El 20 de Febrero del año que viene tendrá lugar el referéndum sobre la llamada Constitución Europea. A tenor del evento se empiezan a destapar las campañas proclives al SI. Preocupa al status el alto índice abstención y desinterés que acompaña siempre a todo lo referente a la UE. Los mensajes que comienzan a lanzarse así como el lenguaje con el que se envuelven no pasan de generalidades y tratamiento rosa. Es más, los apoyos mostrados como es el caso de las centrales sindicales mayoritarias, no se diferencian en nada con el de los portavoces más institucionalizados y escapistas. En última instancia se apoyan en la decisión ¿vinculante? de la Confederación Europea de Sindicatos (CES).
Se somete a referéndum consultivo (que no vinculante) un texto impropiamente llamado Constitución. Para que tal denominación fuera correcta deberían cumplirse ciertas e inexcusables condiciones:
– Convocatoria electoral para un parlamento con mandato constituyente.
– Redacción y aprobación del texto constitucional por ese parlamento electo.
– Aprobación definitiva y última por parte del electorado de cada estado por el conjunto del pueblo europeo.
Ninguna de esas condiciones se cumplen en el caso que nos ocupa. Los parlamentarios que elegimos en los últimos comicios europeos no han tocado bola en el documento. Este ha sido redactado por una comisión de «notables» presidida por Valery Giscard dÉstaing. En cada país se realizará o no la consulta pertinente y en caso español, tal y como se dijo antes no es vinculante.
Los que afirman que el Parlamento Europeo aumenta sus competencias en el texto sometido a Referendum debieran leer la revista El Viejo Topo de Noviembre del 2.003: se relacionan 40 competencias que éste no tiene; y son decisivas para configurar un parlamento en el sentido auténtico del término. Los sindicatos mayoritarios saludan el que las decisiones no necesiten ya de unanimidad sino que bastará una mayoría cualificada.
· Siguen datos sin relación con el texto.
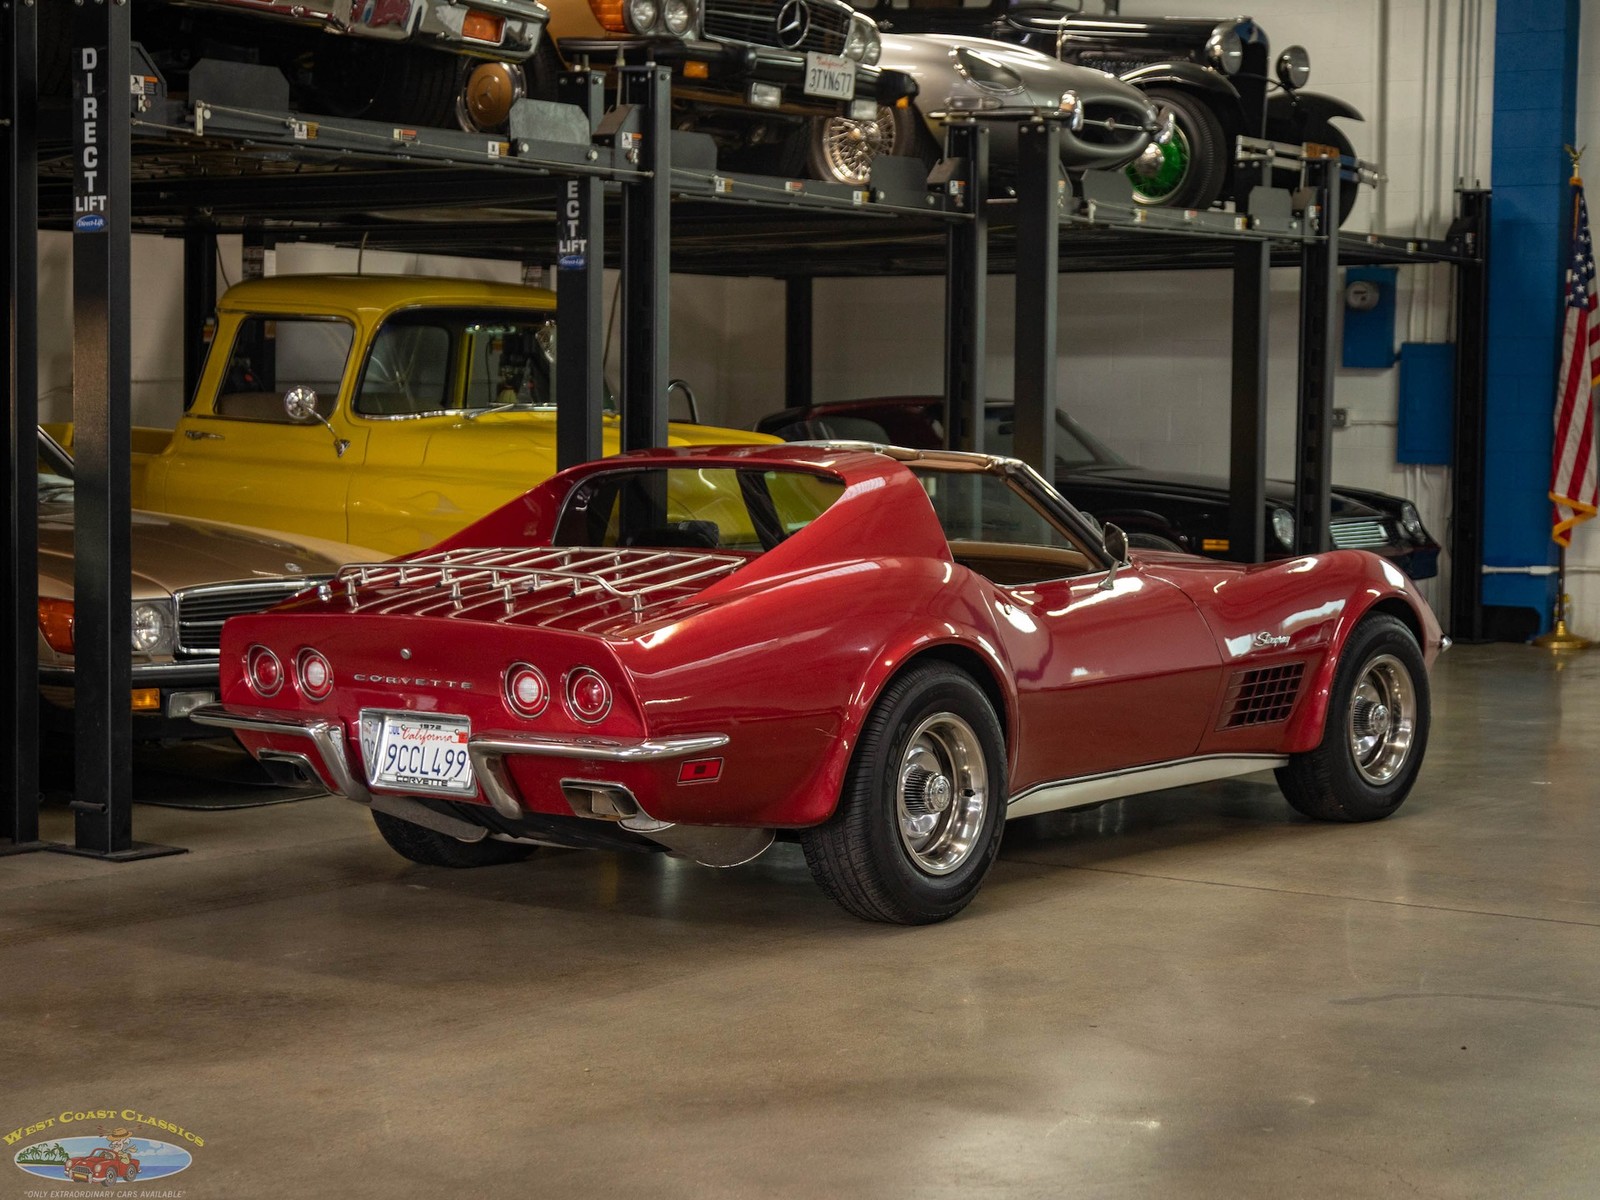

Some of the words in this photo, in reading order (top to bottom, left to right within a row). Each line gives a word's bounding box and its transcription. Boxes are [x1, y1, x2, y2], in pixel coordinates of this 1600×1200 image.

Sin embargo en los temas de política económica y social (Parte III) la unanimidad sigue siendo necesaria.
Pero lo que nos da la auténtica dimensión del documento ante el que estamos es el punto 3 del artículo 3 en el que la Unión se pronuncia por un crecimiento económico equilibrado,» en una economía social de mercado altamente competitiva..» La competitividad está en el origen de la deslocalización empresarial, la disminución de los costes salariales y la precariedad laboral, las políticas restrictivas y el desmantelamiento del sector público de la economía.
Por otra parte, y lejos de haber aprendido en sus carnes las consecuencias de las guerras, la Política Exterior y de Defensa Común (PESC) se inspira en los principios y fundamentos del concepto de Guerra Preventiva auspiciado, proclamado y aplicado por George Bush. El Vínculo Atlántico sigue siendo el dogal militar con que el capitalismo belicista de USA y la UE refuerzan la sujeción de los asalariados a las OMC, el FMI y la Globalización capitalista.